Optimal quantum algorithm for polynomial interpolation
Andrew M. Childs, Wim van Dam, Shih-Han Hung, Igor E. Shparlinski

TL;DR
This paper presents an optimal quantum algorithm for polynomial interpolation over finite fields, achieving the theoretical lower bound of quantum queries needed, thus improving understanding of quantum query complexity and cryptographic security.
Contribution
It demonstrates that the lower bound on quantum queries for polynomial interpolation is achievable and provides an efficient implementation with poly(log q) gate complexity.
Findings
Quantum query complexity for polynomial interpolation is exactly d/2+1/2.
The proposed algorithm attains success probability approaching 1 for large q.

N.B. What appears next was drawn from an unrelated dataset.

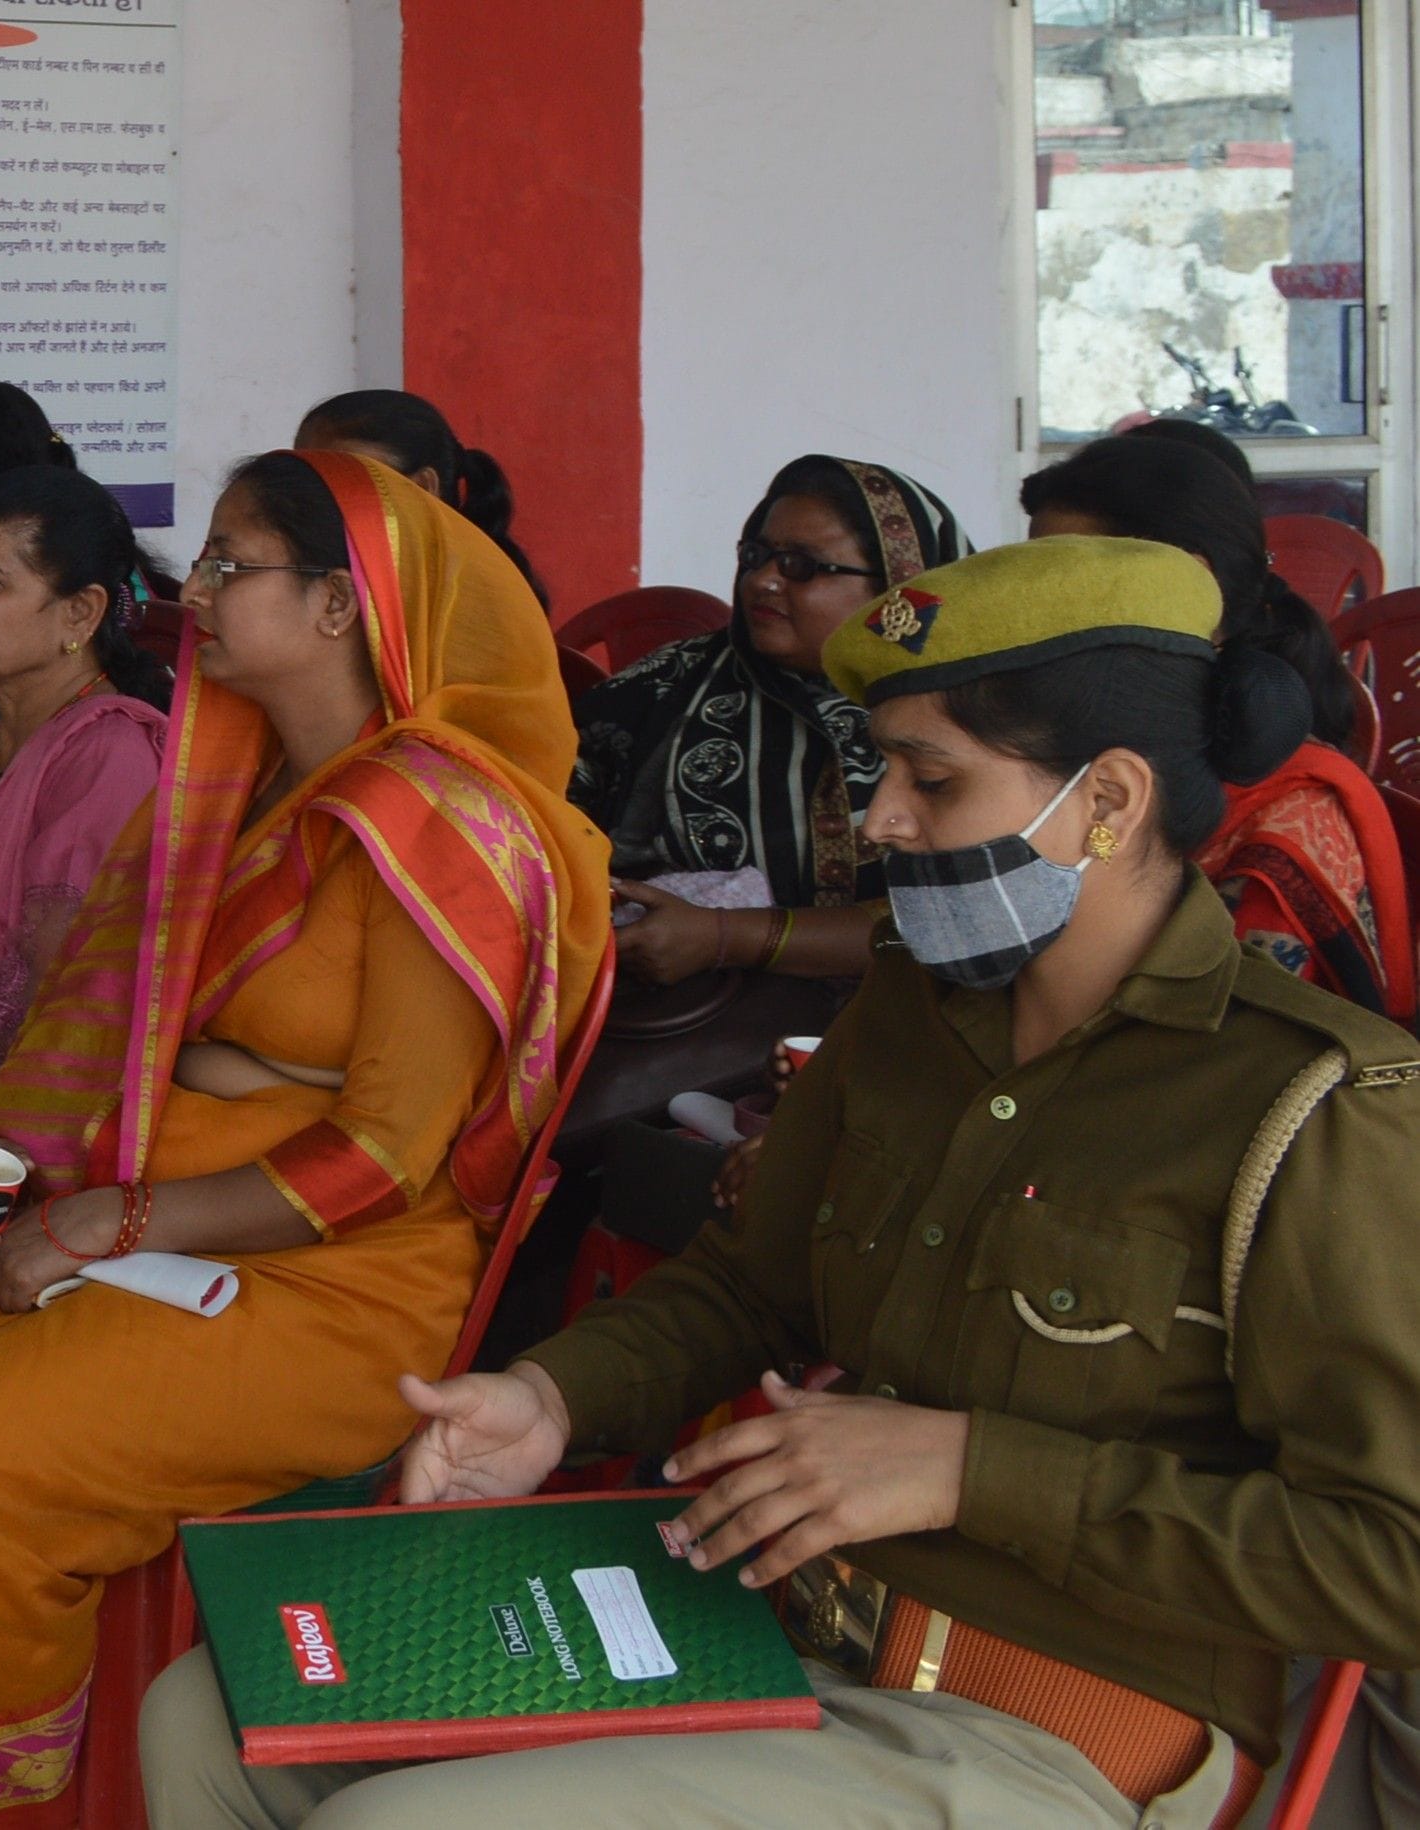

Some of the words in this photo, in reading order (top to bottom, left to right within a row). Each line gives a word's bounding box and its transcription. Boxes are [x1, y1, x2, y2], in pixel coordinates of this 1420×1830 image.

[501, 1608, 528, 1653] Deluxe
[526, 1576, 566, 1643] NOTEBOOK
[294, 1609, 336, 1681] Rajeev
[553, 1644, 582, 1680] LONG

The algorithm's gate complexity is poly(log q), with negligible success probability loss.
Abstract
We consider the number of quantum queries required to determine the coefficients of a degree-d polynomial over GF(q). A lower bound shown independently by Kane and Kutin and by Meyer and Pommersheim shows that d/2+1/2 quantum queries are needed to solve this problem with bounded error, whereas an algorithm of Boneh and Zhandry shows that d quantum queries are sufficient. We show that the lower bound is achievable: d/2+1/2 quantum queries suffice to determine the polynomial with bounded error. Furthermore, we show that d/2+1 queries suffice to achieve probability approaching 1 for large q. These upper bounds improve results of Boneh and Zhandry on the insecurity of cryptographic protocols against quantum attacks. We also show that our algorithm's success probability as a function of the number of queries is precisely optimal. Furthermore, the algorithm can be implemented with gate…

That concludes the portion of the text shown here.